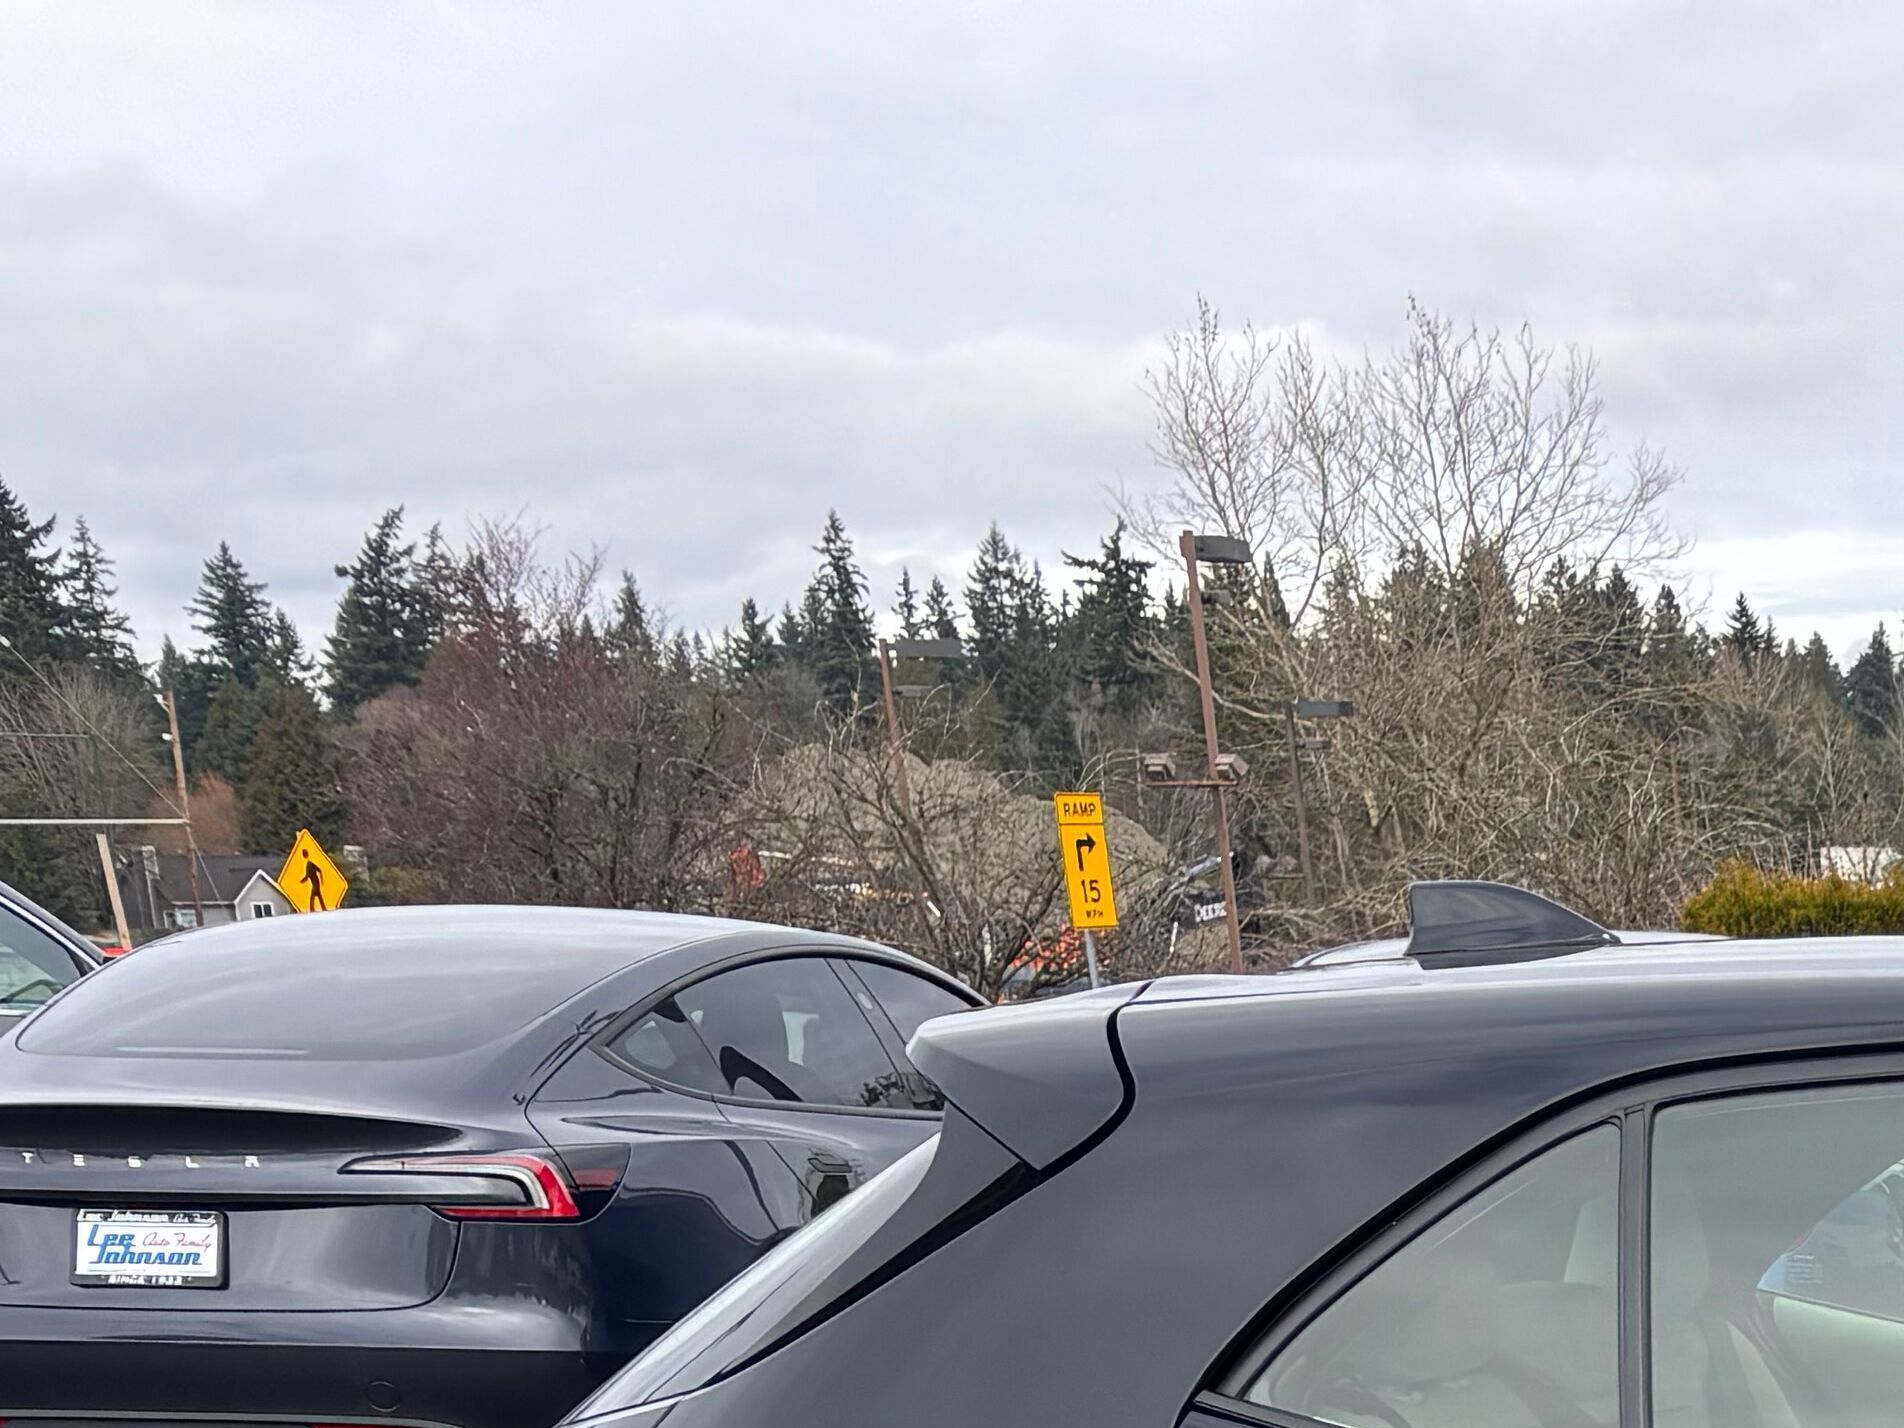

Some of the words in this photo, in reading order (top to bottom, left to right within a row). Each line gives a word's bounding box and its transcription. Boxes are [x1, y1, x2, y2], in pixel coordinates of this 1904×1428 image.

[1063, 802, 1097, 817] RAMP
[1080, 879, 1101, 904] 15
[1085, 909, 1104, 919] MPH
[22, 1151, 260, 1169] TESLA
[87, 1224, 137, 1247] Lee
[88, 1245, 204, 1266] Johnson
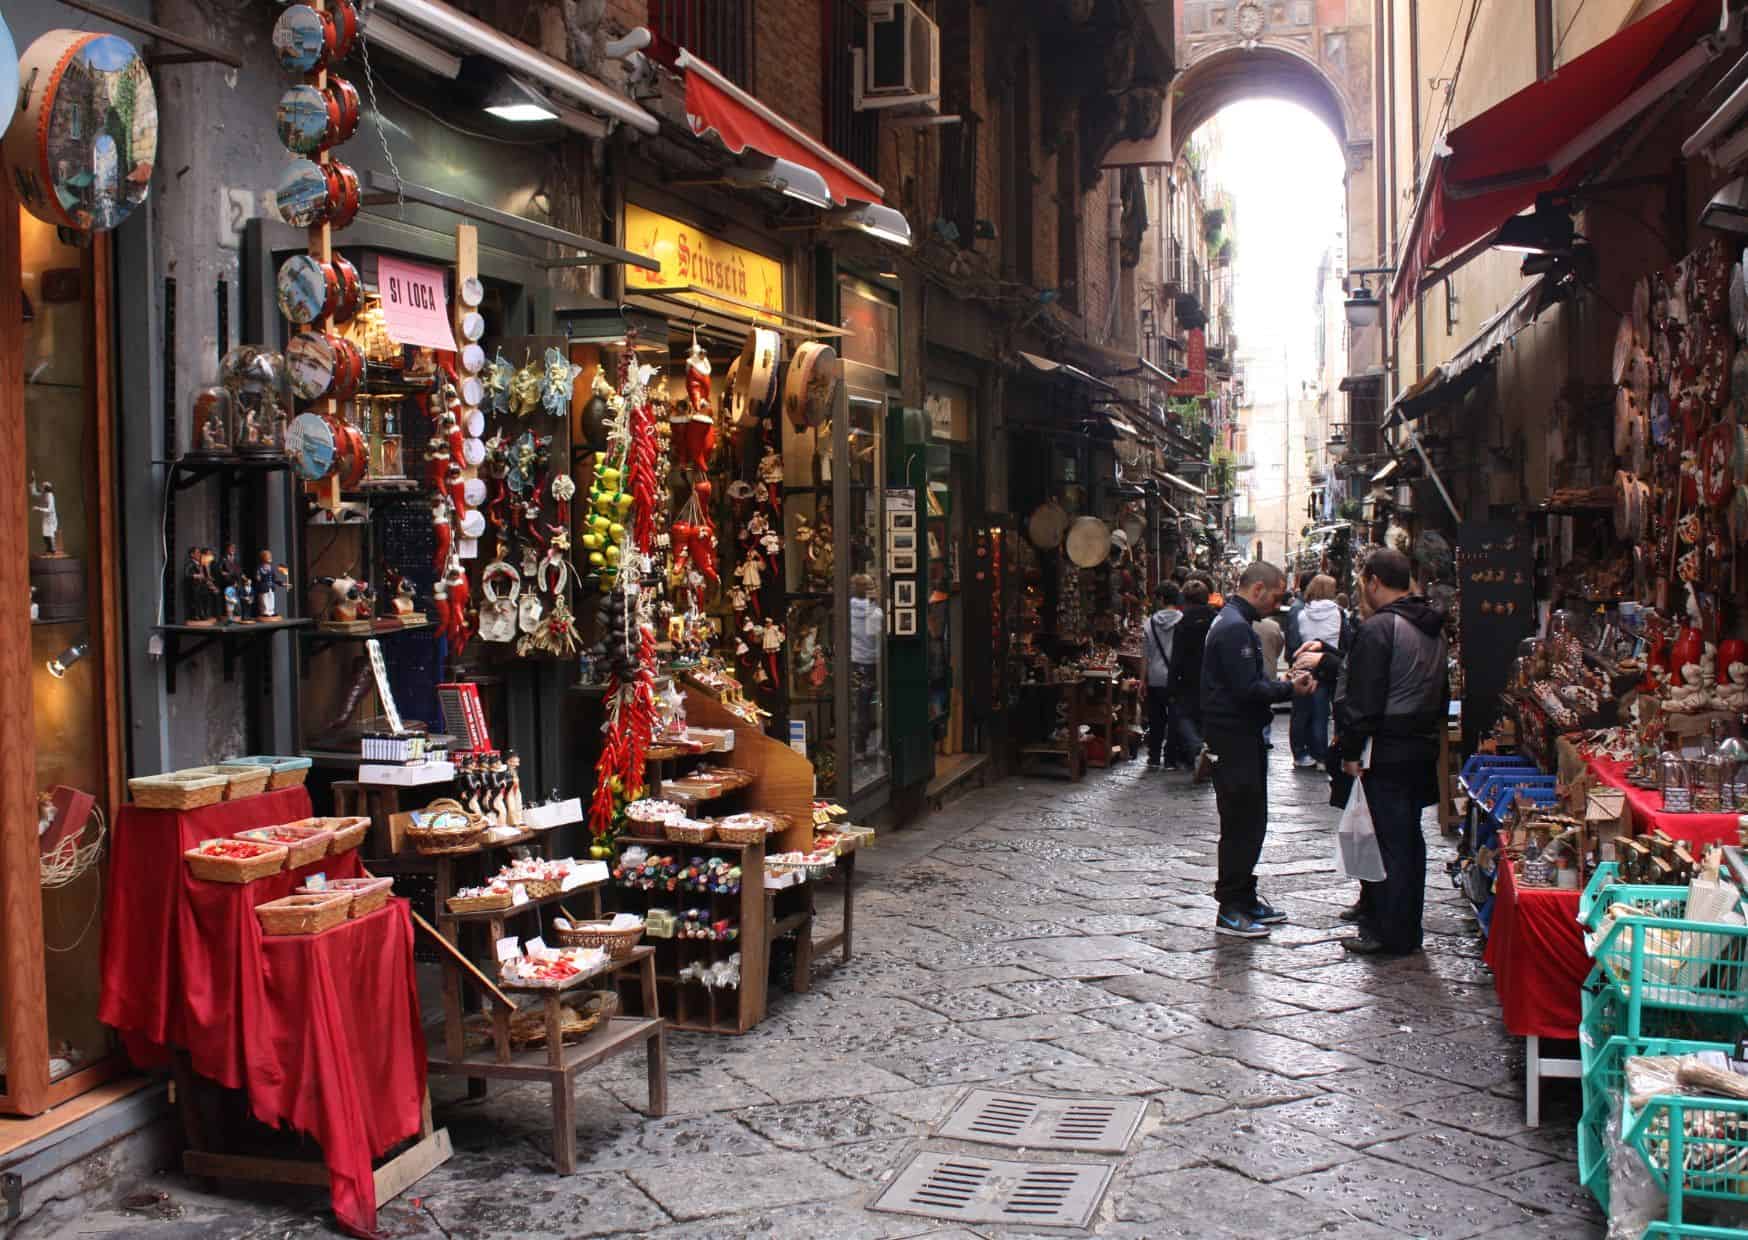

* * *

Output all the data, exactly, without images.

→ **SOLUTION TO THE PROBLEM**
Some of the words in this photo, in reading order (top to bottom, left to right within a row). Each line gives a word's bounding box and its transcription. Boxes are [x1, y1, x2, y2], in pixel coordinates of this 1904×1428 image.

[1063, 802, 1097, 817] RAMP
[1080, 879, 1101, 904] 15
[1085, 909, 1104, 919] MPH
[22, 1151, 260, 1169] TESLA
[87, 1224, 137, 1247] Lee
[88, 1245, 204, 1266] Johnson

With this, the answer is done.